How should I take Rabemax 20 mg Tablet?
Rabemax 20 mg Tablet should be taken with
food. The usual dose is one tablet once a day. Do not take more than the
prescribed dose.
Can I take Rabemax 20 mg Tablet while pregnant
or breastfeeding?
Rabemax 20 mg Tablet is not recommended for
use during pregnancy or breastfeeding. If you are pregnant or breastfeeding,
talk to your doctor about the risks and benefits of taking Rabemax 20 mg Tablet.
What should I do if I overdose on Rabemax 20
mg Tablet?
If you overdose on Rabemax 20 mg Tablet, call
your doctor or the Poison Control Center immediately. Overdose can cause
symptoms such as drowsiness, confusion, and seizures.
How long should I take Rabemax 20 mg Tablet?
The length of time you need to take Rabemax 20
mg Tablet will depend on the condition you are being treated for.

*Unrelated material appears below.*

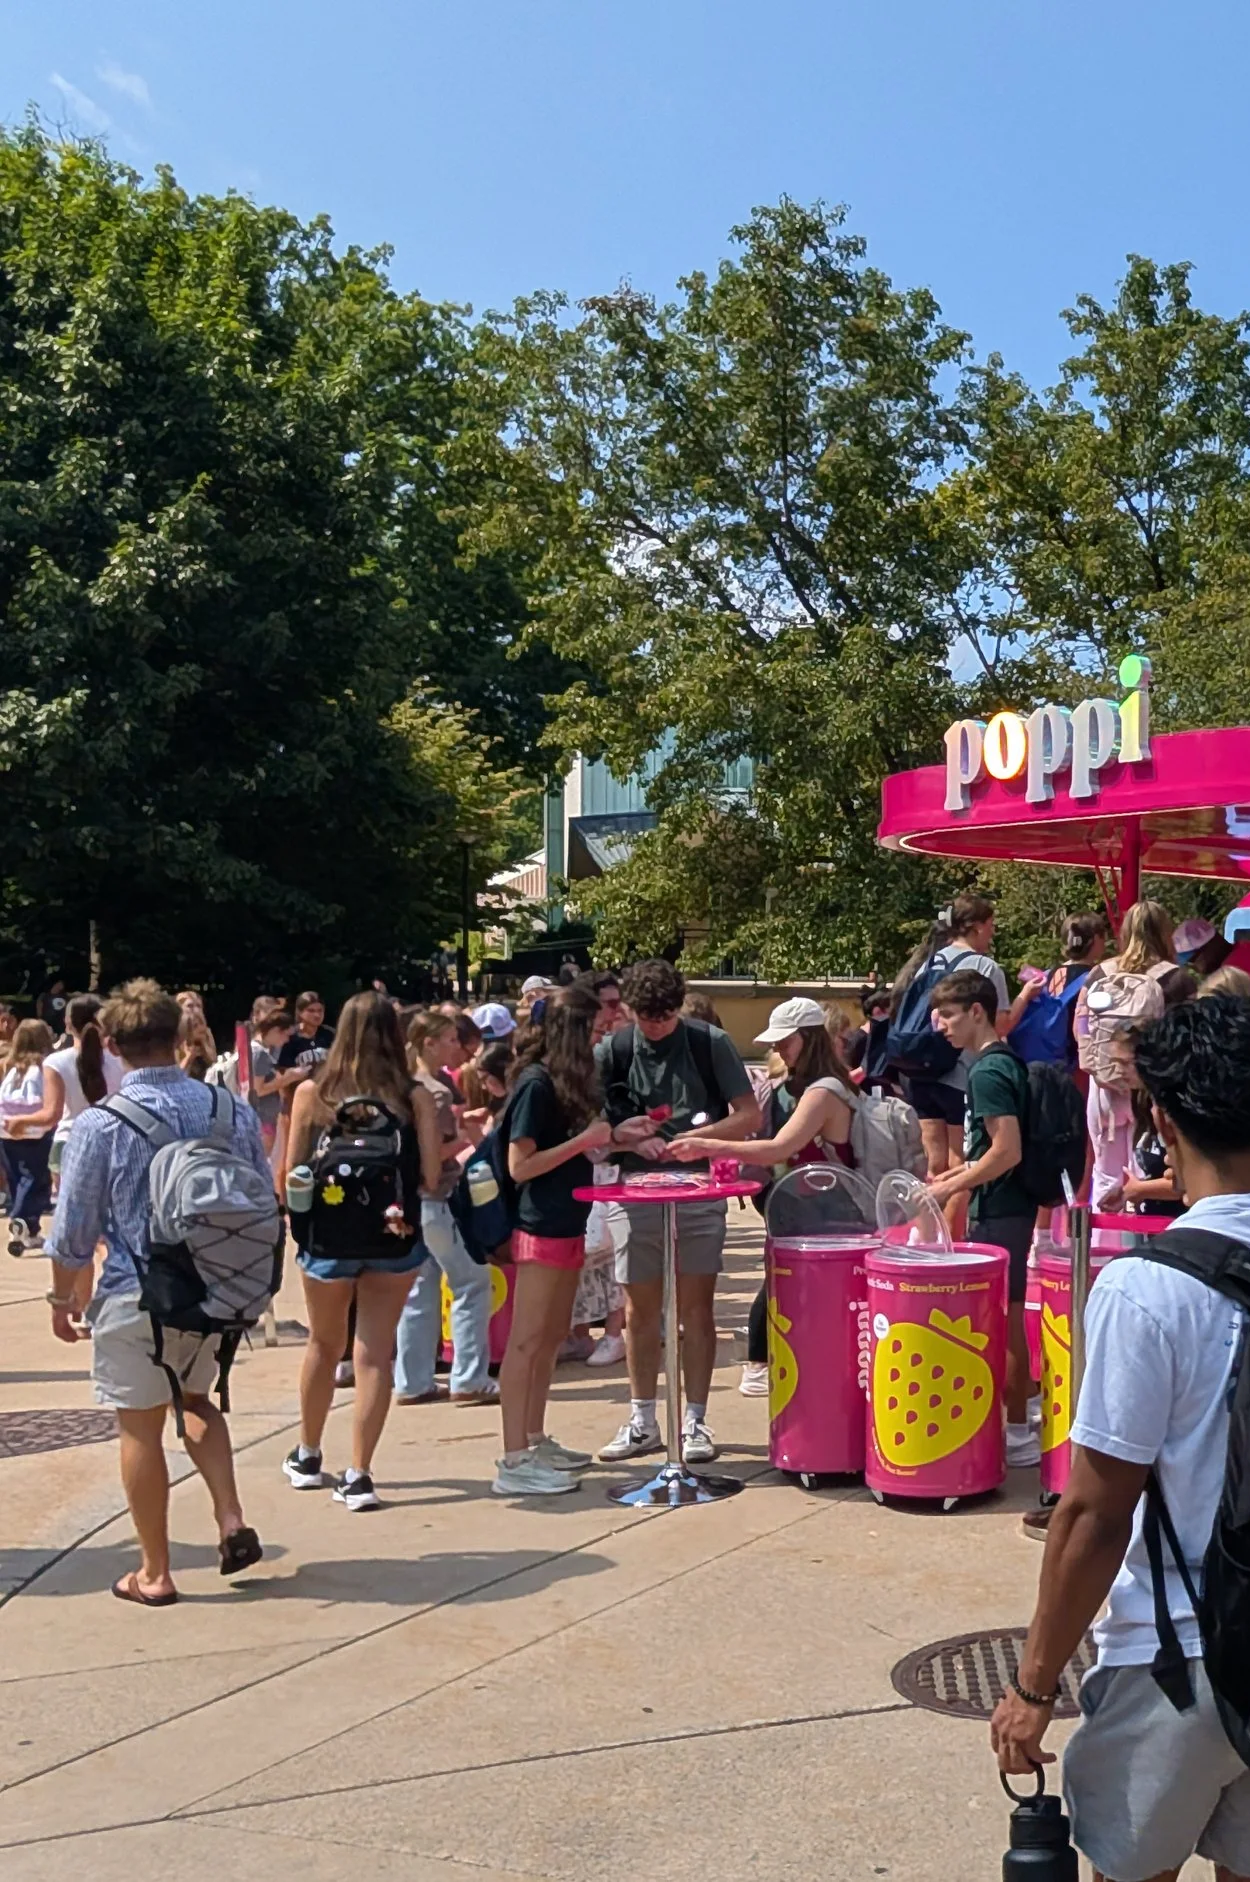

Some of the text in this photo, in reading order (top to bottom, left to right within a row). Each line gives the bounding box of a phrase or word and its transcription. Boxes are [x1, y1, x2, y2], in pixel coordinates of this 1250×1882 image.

For GERD, the
usual treatment course is 4-8 weeks. For other conditions, your doctor will
determine the length of treatment.
Is there anything else I should know about
Rabemax 20 mg Tablet?
Rabemax 20 mg Tablet can cause dry mouth. To
relieve dry mouth, drink plenty of fluids and suck on sugarless candy or ice
chips. Finix 20mg can also cause constipation. To prevent constipation, eat a
high-fiber diet and drink plenty of fluids.

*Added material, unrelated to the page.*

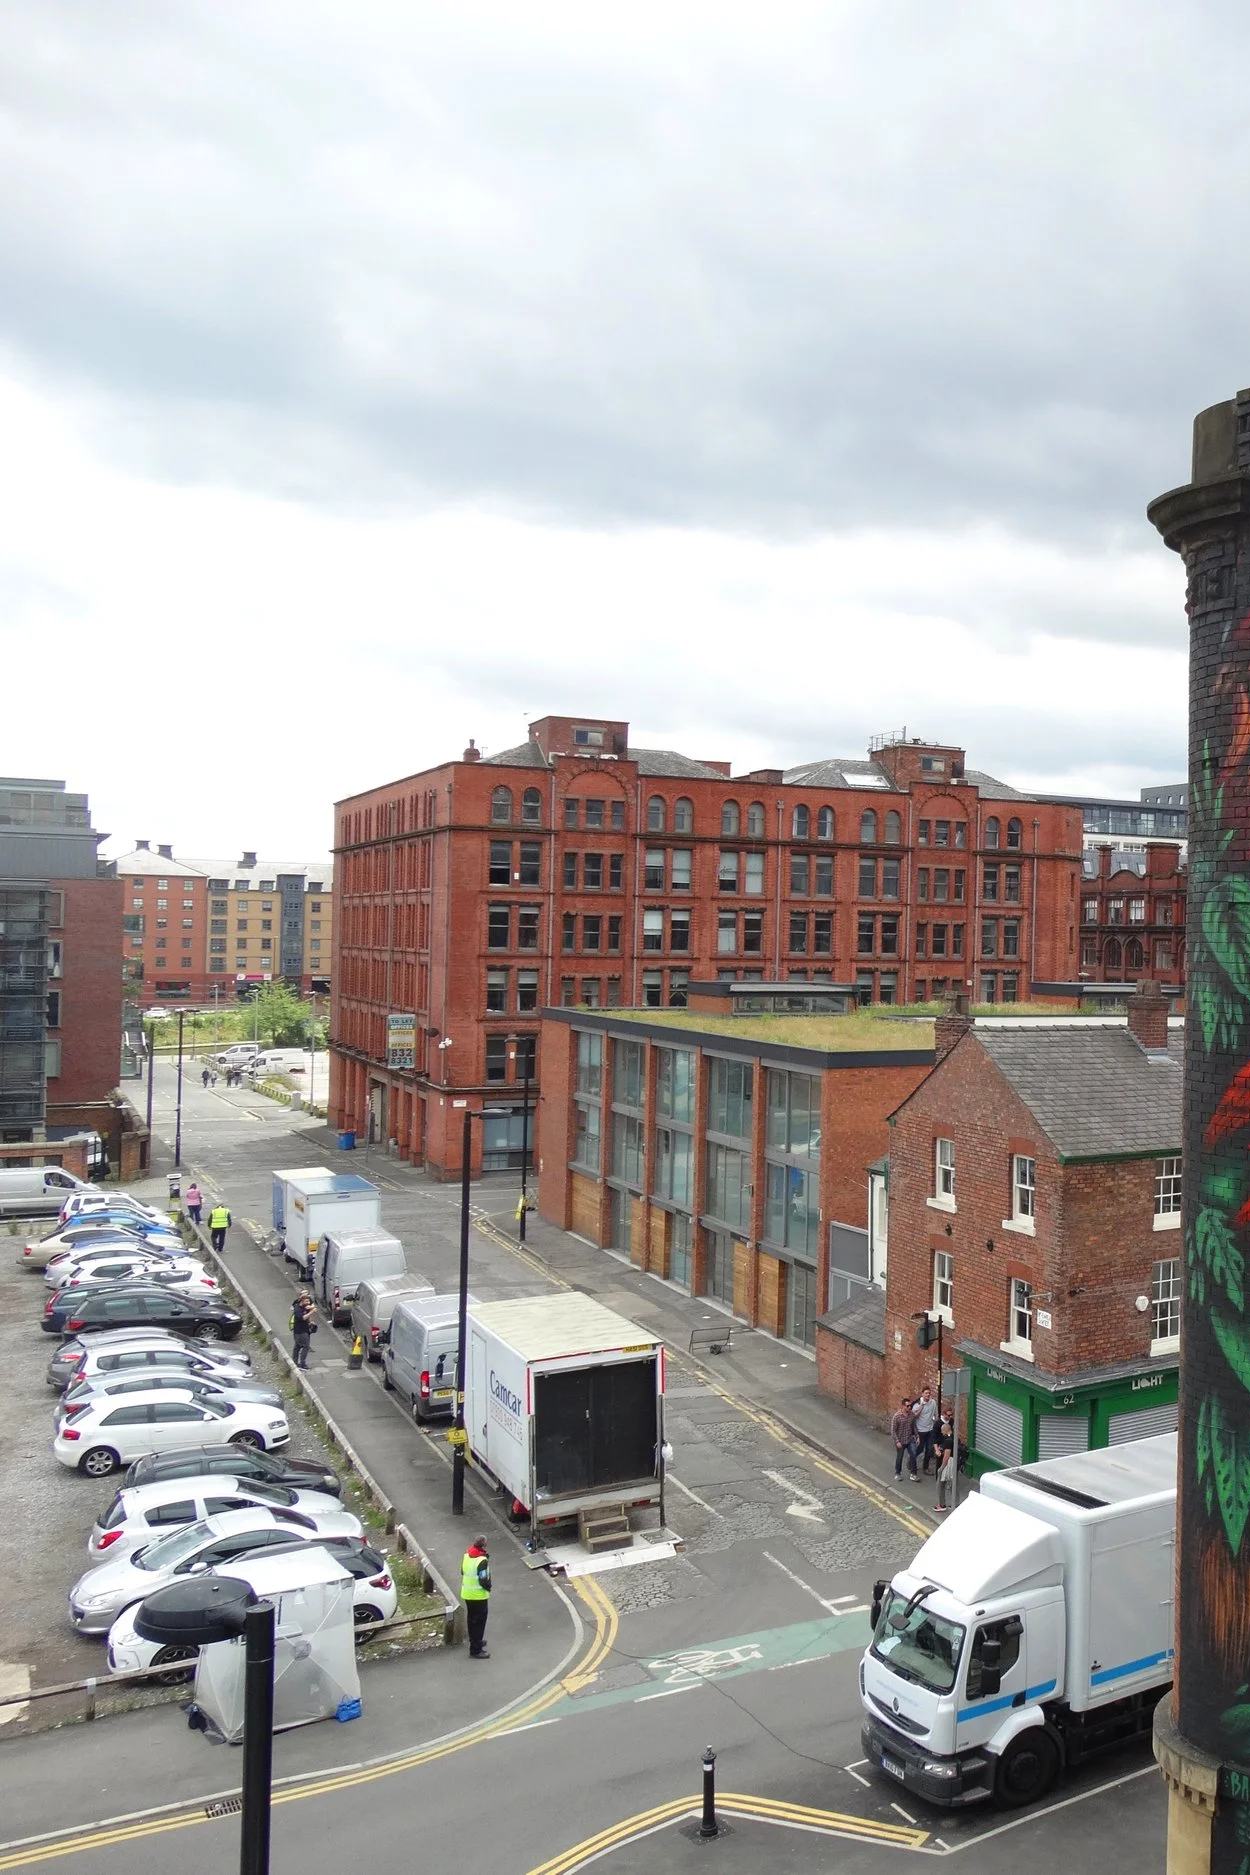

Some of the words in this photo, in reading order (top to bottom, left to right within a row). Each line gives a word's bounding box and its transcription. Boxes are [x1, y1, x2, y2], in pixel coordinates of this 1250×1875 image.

[391, 1048, 413, 1057] 832
[490, 1369, 522, 1417] Camcar
[1063, 1393, 1074, 1404] 62

Does Rabemax 20 mg Tablet cause bone problems?
Yes, long term use of Rabemax 20 mg Tablet can
cause thinning of bones, which is called osteoporosis.
Can I take Rabemax 20 mg Tablet with vitamin
D?
Yes, vitamin D can be taken along with Rabemax
20 mg Tablet. It is generally advised to be taken as a supplement with Rabemax
20 mg Tablet as the long term use of Rabemax 20 mg Tablet decreases the
absorption of calcium and may lead to calcium deficiency.